E' francamente assurdo pensare ad una madre vegetariana che allatta il suo
piccolo e, proprio durante l'allattamento, non assume i suoi cari vegetali.
Oppure che si ammala e non si alimenta ma continua ad allattare, prende gli
antibiotici prescritti dal medico per giorni e giorni ma rifiuta caparbiamente
di assumere le vitamine. La stessa madre dovrebbe essere tanto incosciente da
privare della vitamina necessaria alla coagulazione del sangue il lattante in
cura con gli antibiotici o comunque seriamente malato.

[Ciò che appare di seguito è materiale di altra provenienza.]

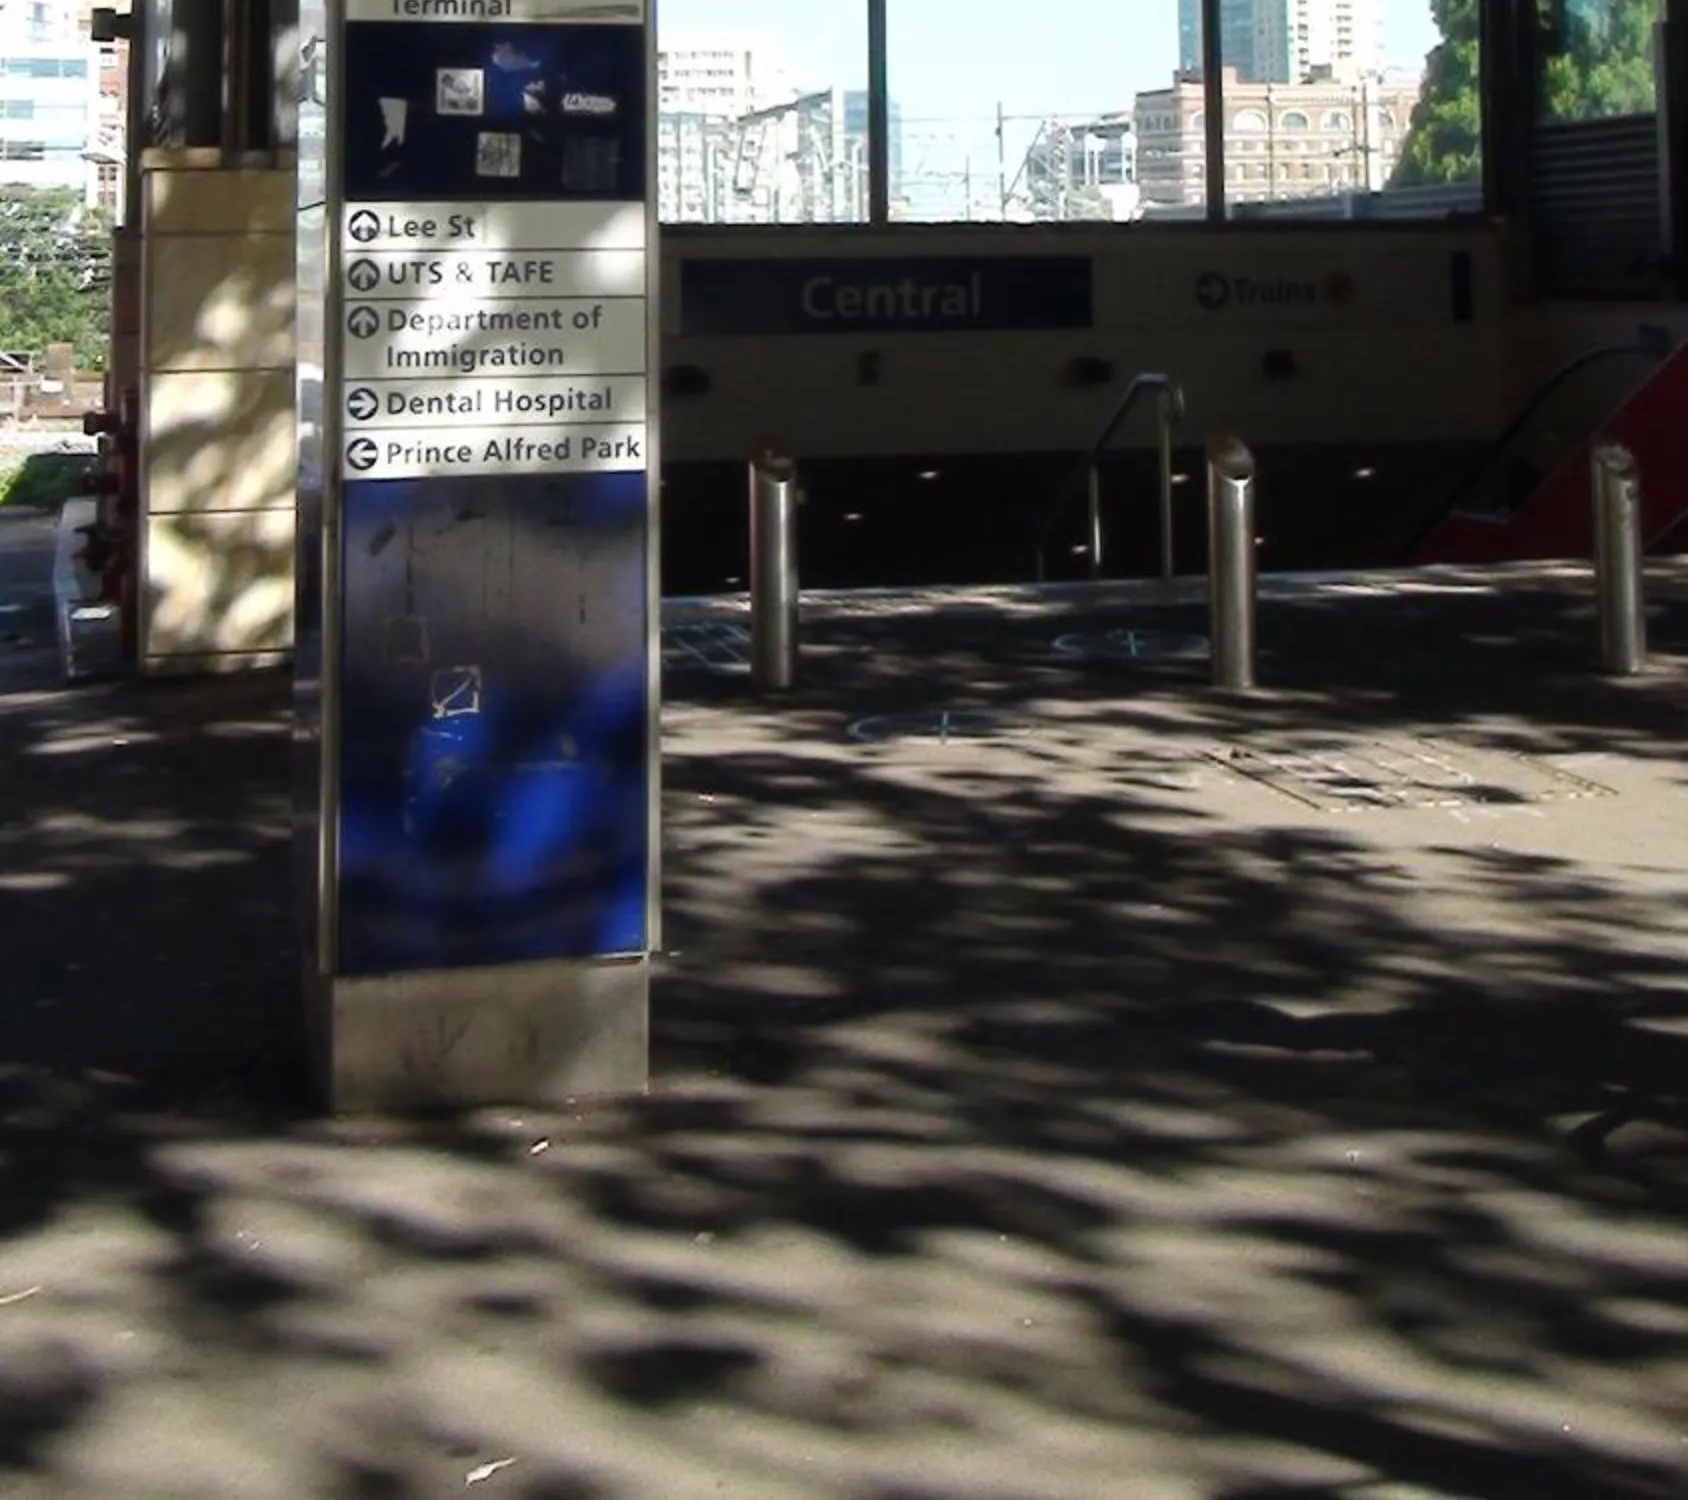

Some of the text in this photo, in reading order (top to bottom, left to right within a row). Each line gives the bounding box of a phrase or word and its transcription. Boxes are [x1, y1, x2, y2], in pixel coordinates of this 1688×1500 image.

Tutto è possibile, ma è molto tirato per i capelli.
Niente paura, continuiamo ad essere vegetariani: la carne fa male e i bambini
non devono essere belli grassi ma sani, vitali e allegri. L'allattamento al seno
fino a sei mesi è quanto di meglio possa desiderare un bambino. Certo ci si
deve far seguire da un pediatra vegetariano esperto e fare tutto quello che lui
consiglia. Per gli sfortunati figli di vegetaliane che non possono allattare, mi
risulta esista in commercio latte di soia speciale per neonati, integrato con
minerali, oligoelementi e vitamine (il ricorso costante al pediatra qui è
tassativo).
Un messaggio per i non vegetariani: smettete di mangiare cadaveri. Fanno male.